Would you copy out the following entries exactly, without any of the pictures?

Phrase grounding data
▼▼▼
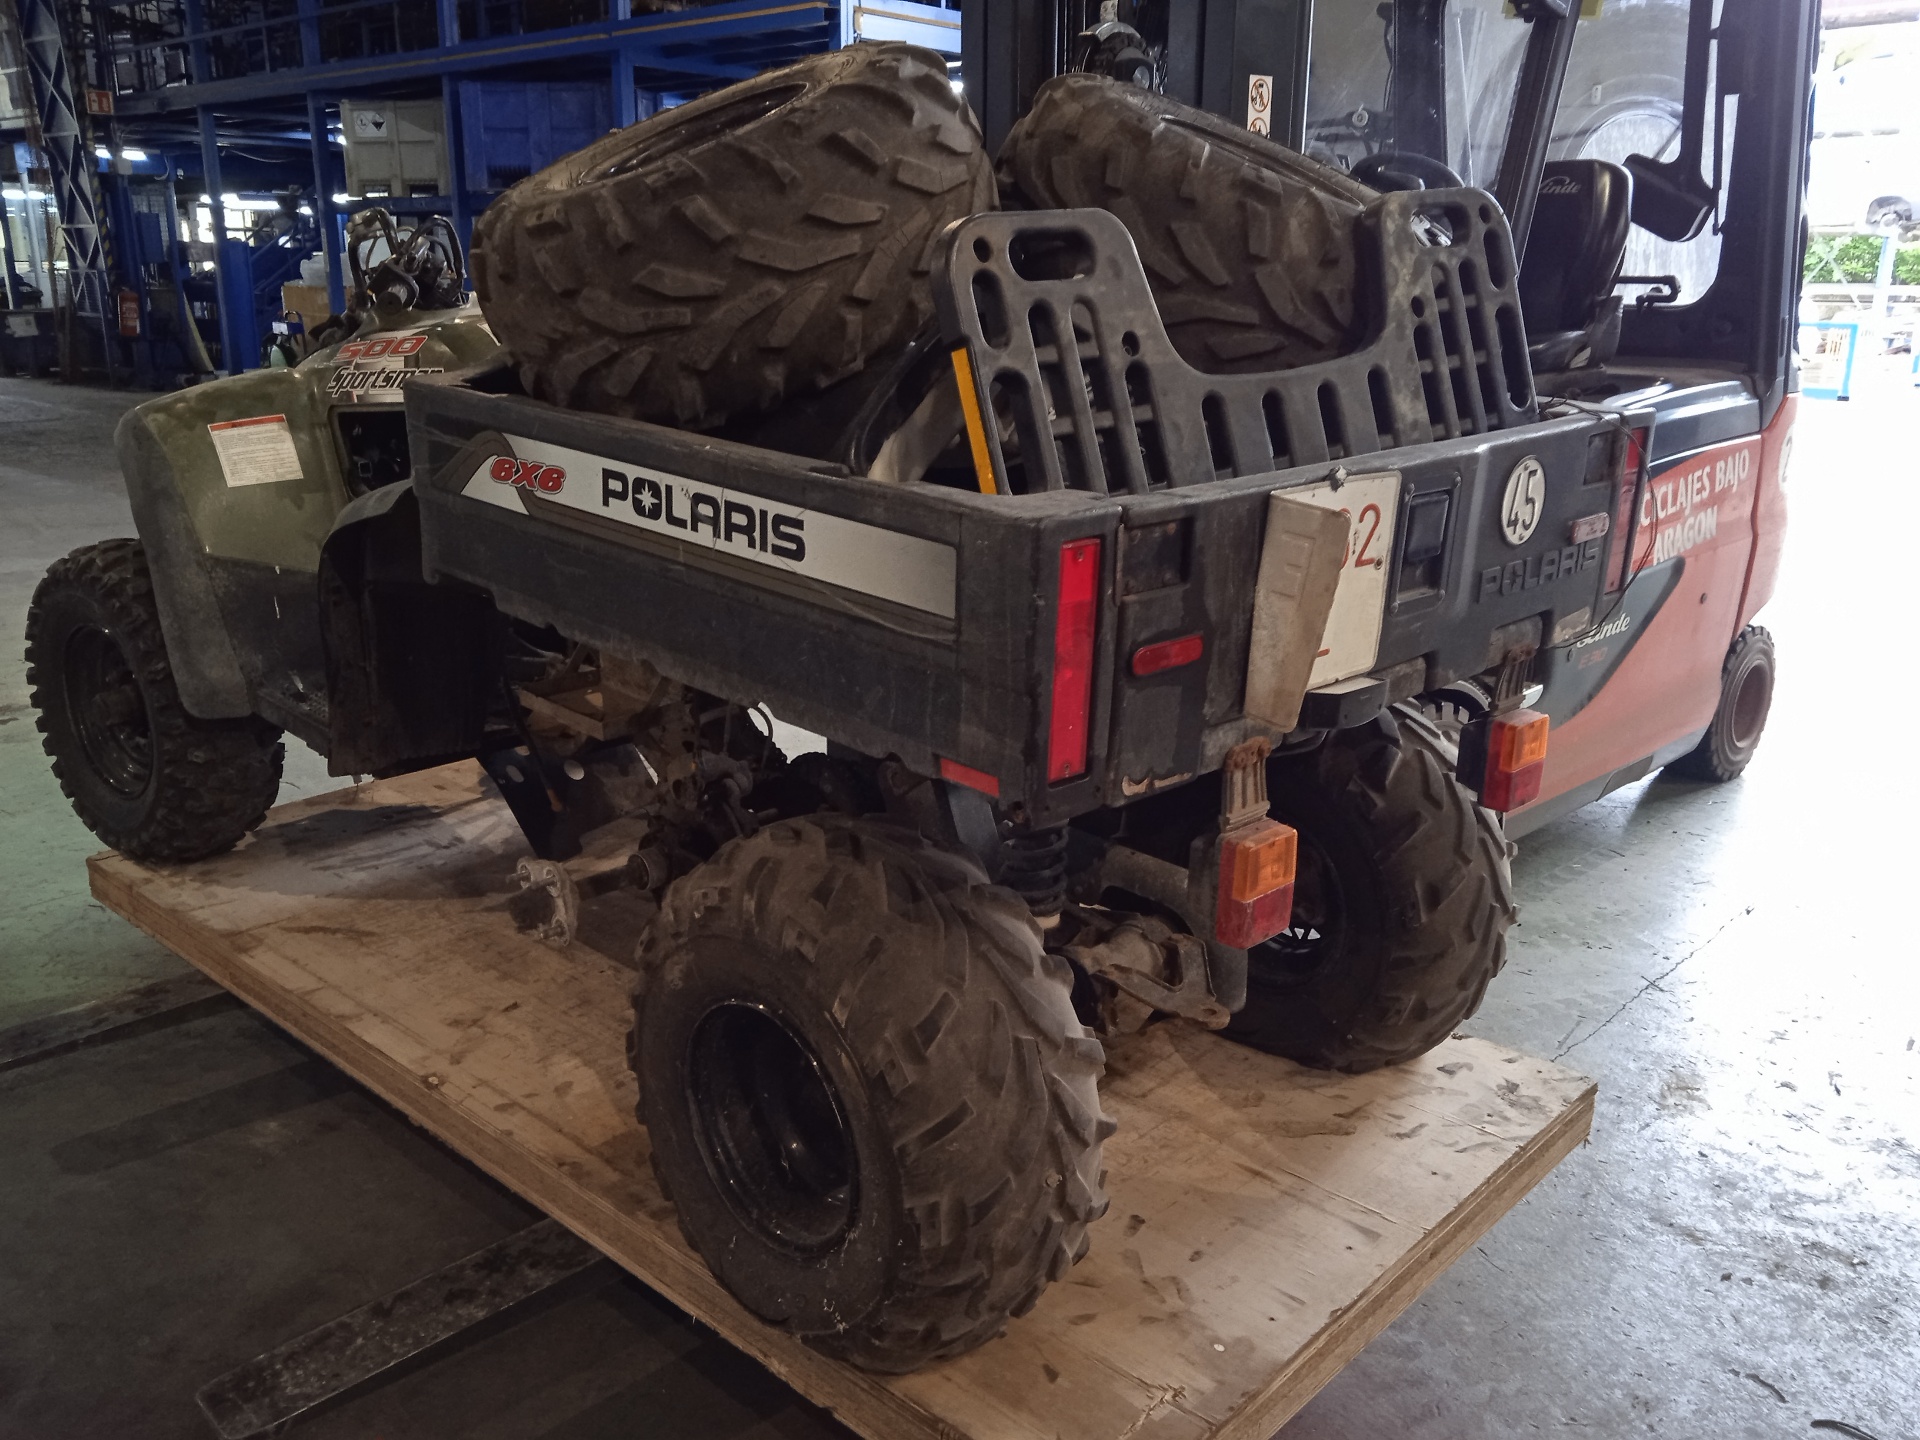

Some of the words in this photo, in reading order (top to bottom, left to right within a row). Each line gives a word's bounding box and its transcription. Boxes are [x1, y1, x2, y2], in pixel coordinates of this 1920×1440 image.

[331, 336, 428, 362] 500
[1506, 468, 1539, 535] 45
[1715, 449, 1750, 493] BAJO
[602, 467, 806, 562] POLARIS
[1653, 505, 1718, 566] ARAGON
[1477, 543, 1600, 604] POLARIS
▲▲▲
EXERCISE RESULT ▸
Some of the words in this photo, in reading order (top to bottom, left to right within a row). Each line gives a word's bounding box and its transcription. Boxes are [x1, y1, x2, y2], in pixel coordinates of this 1920×1440 image.

[331, 336, 428, 362] 500
[1506, 468, 1539, 535] 45
[1715, 449, 1750, 493] BAJO
[602, 467, 806, 562] POLARIS
[1653, 505, 1718, 566] ARAGON
[1477, 543, 1600, 604] POLARIS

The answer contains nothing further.